• **WHAT TO DO**:
Could you give the entries back exactly as they stand, minus any pictures?

• **DATA FOR REVIEW**:

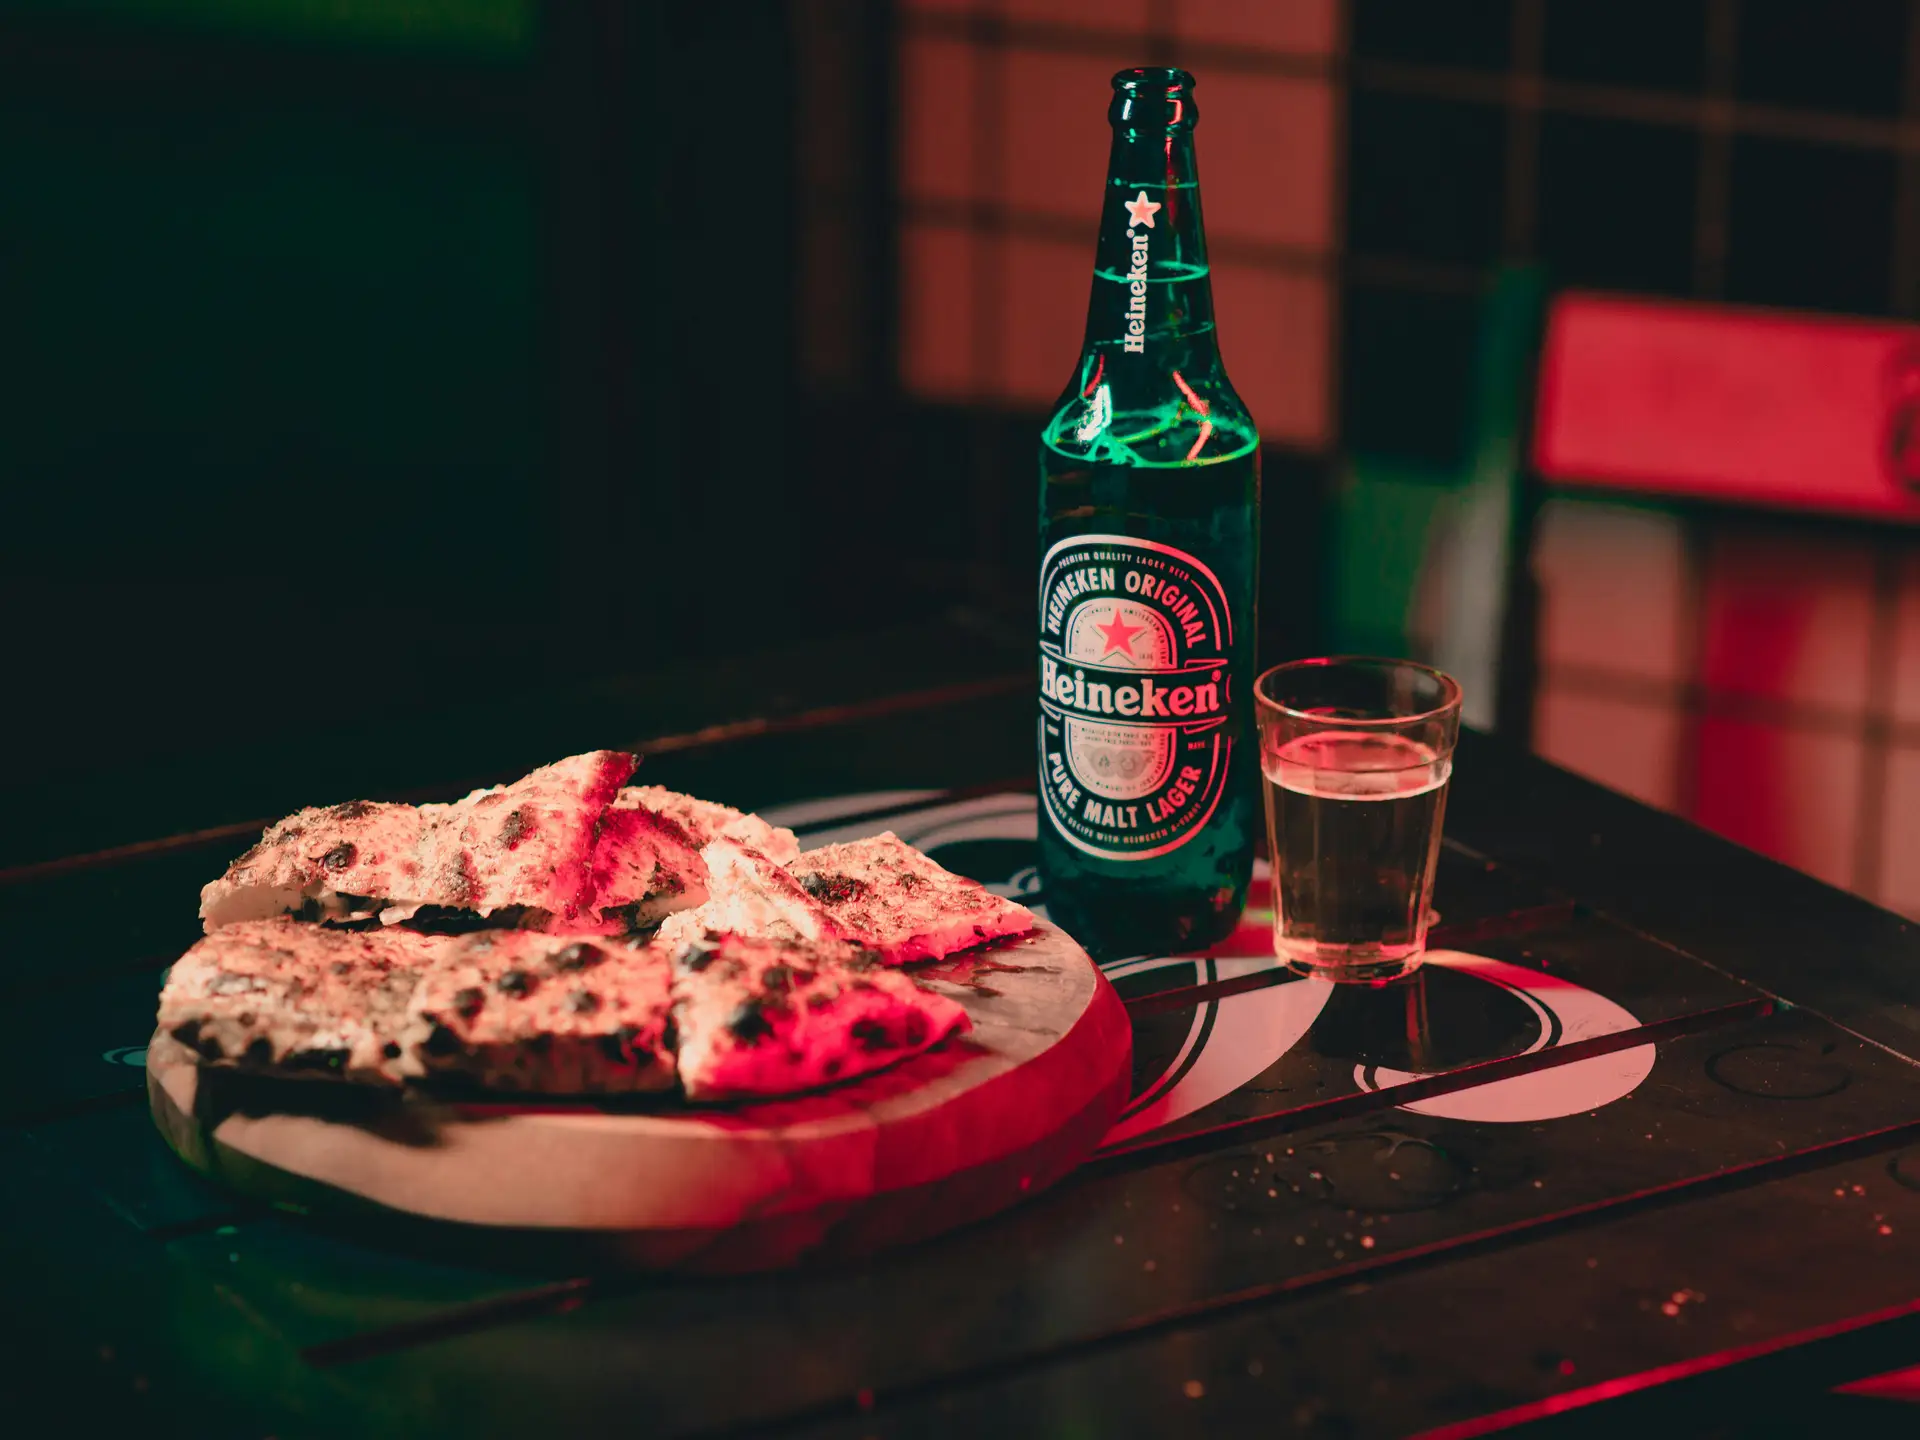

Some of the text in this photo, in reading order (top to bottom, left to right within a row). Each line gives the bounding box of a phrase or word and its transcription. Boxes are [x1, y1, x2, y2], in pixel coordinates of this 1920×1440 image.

[1124, 231, 1149, 353] Heineken
[1058, 551, 1191, 582] PREMIUM QUALITY LAGER BEER
[1047, 567, 1116, 635] HEINEKEN
[1125, 570, 1207, 649] ORIGINAL
[1041, 653, 1221, 717] Heineken
[1048, 752, 1082, 809] PURE
[1083, 799, 1138, 829] MALT
[1146, 765, 1202, 823] LAGER
[1095, 831, 1121, 844] WITH
[1122, 828, 1169, 844] HEINEKEN

• **EXERCISE RESULT**:
Some of the text in this photo, in reading order (top to bottom, left to right within a row). Each line gives the bounding box of a phrase or word and its transcription. Boxes are [x1, y1, x2, y2], in pixel coordinates of this 1920×1440 image.

[1124, 231, 1149, 353] Heineken
[1058, 551, 1191, 582] PREMIUM QUALITY LAGER BEER
[1047, 567, 1116, 635] HEINEKEN
[1125, 570, 1207, 649] ORIGINAL
[1041, 653, 1221, 717] Heineken
[1048, 752, 1082, 809] PURE
[1083, 799, 1138, 829] MALT
[1146, 765, 1202, 823] LAGER
[1095, 831, 1121, 844] WITH
[1122, 828, 1169, 844] HEINEKEN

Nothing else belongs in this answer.